Comentário ao Acórdão Nº 0730/04 Tribunal Central Administrativo do Sul de 13/01/2005- Teresinha Frutuoso

10-12-2024

O caso envolve um recurso jurisdicional interposto pela Ministra de Justiça contra o Acórdão do Tribunal Central Administrativo Sul (TCA Sul), que declarou a nulidade de um despacho que homologou a lista de classificação final de um concurso interno da Polícia Judiciária. O concurso visava preencher 12 vagas para o cargo de inspetor coordenador. A Ministra de Justiça havia indeferido o recurso hierárquico de um dos candidatos, mas o TCA Sul deu provimento ao recurso contencioso desse candidato, declarando a nulidade do despacho que homologou a classificação final.

A decisão do TCA Sul baseou-se na alegada violação do princípio da imparcialidade por parte do Júri do concurso. O julgamento considerou que o Júri, após ter acesso aos currículos dos candidatos, alterou os critérios de avaliação e de pontuação, o que teria comprometido a imparcialidade do processo, violando o art.º 266 CRP e art.º 9 CPA.
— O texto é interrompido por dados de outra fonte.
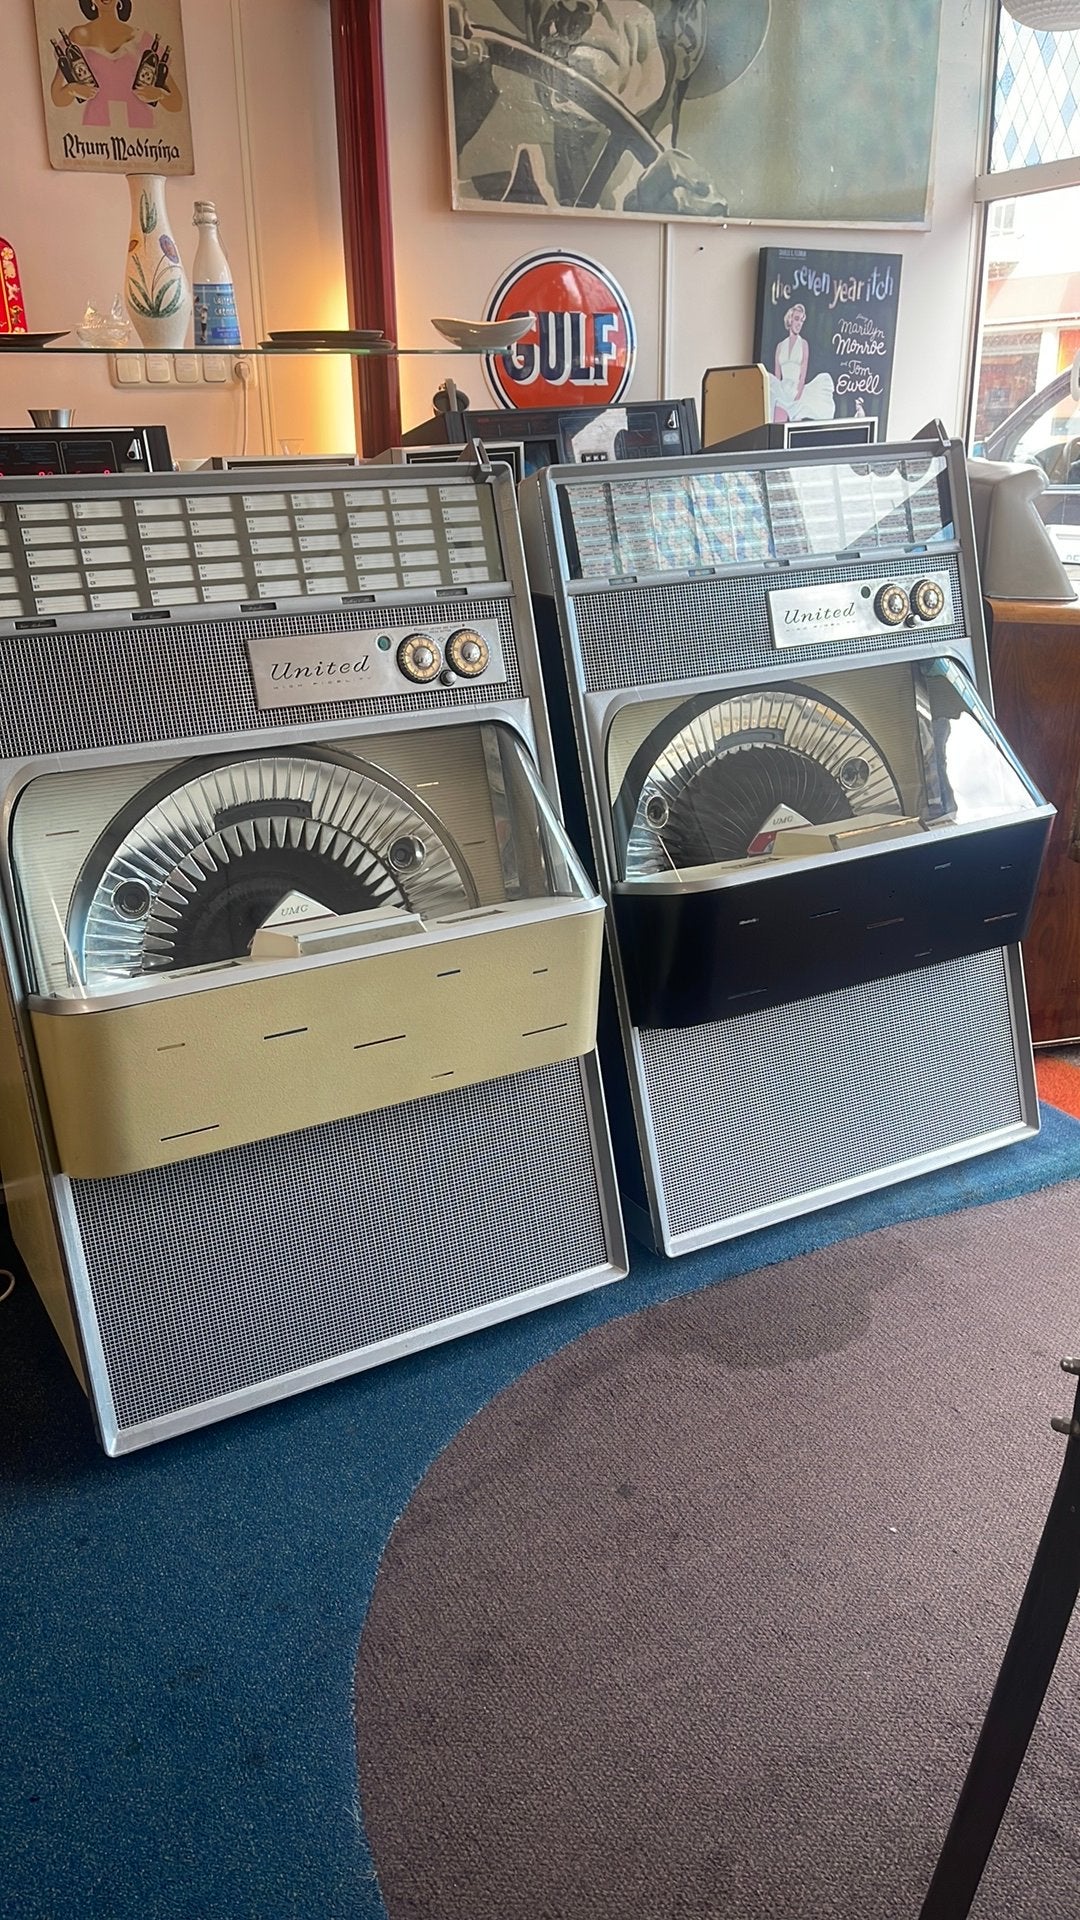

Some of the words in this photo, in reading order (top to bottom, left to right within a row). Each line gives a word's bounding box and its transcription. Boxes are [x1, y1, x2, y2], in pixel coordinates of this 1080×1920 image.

[63, 132, 110, 159] Rhum
[772, 273, 791, 305] the
[792, 265, 830, 297] seven
[828, 276, 865, 309] year
[865, 265, 894, 302] itch
[838, 318, 885, 342] Marilyn
[502, 311, 619, 386] GULF
[832, 333, 887, 356] Monroe
[848, 360, 872, 376] Tom
[836, 374, 884, 395] Ewell
[783, 602, 856, 625] United
[271, 655, 370, 681] United
A Ministra de Justiça argumenta que não houve violação do princípio da imparcialidade, reforçando que os currículos dos candidatos foram analisados, mas apenas em um momento posterior à definição dos critérios de avaliação, ou seja, antes da aprovação da ficha de análise, o Júri não tinha acesso aos currículos. De acordo com a Ministra, os critérios de avaliação foram fixados de forma objetiva, e o Departamento de Recursos Humanos da Polícia Judiciária apenas fez o papel de apoio administrativo, organizando os processos e entregando os currículos ao Júri apenas quando necessário. O Júri teria, assim, fixado os critérios de avaliação sem influências externas, e não seria necessário provar que os currículos dos candidatos tenham impactado diretamente os critérios de avaliação.

O candidato que interpôs o recurso contencioso (recorrido) sustenta que houve uma violação do princípio da imparcialidade por parte do Júri. Ele alega que, após ter acesso aos currículos dos candidatos, o Júri alterou os critérios de avaliação comprometendo a transparência e a imparcialidade do concurso. Para o recorrido, a simples alteração dos critérios de avaliação, depois de o Júri já ter conhecimento dos currículos dos candidatos, é suficiente para afetar a imparcialidade, mesmo que não se prove que o Júri tenha efetivamente sido influenciado.

O argumento é de que a alteração dos critérios de avaliação após o acesso aos currículos dos candidatos configura uma violação da imparcialidade objetiva, que é a exigência legal de que a Administração Pública não só deva agir de forma imparcial, mas também pareça imparcial aos olhos da sociedade.

O Tribunal examina os factos do caso e a legislação aplicável para decidir se houve violação do princípio da imparcialidade.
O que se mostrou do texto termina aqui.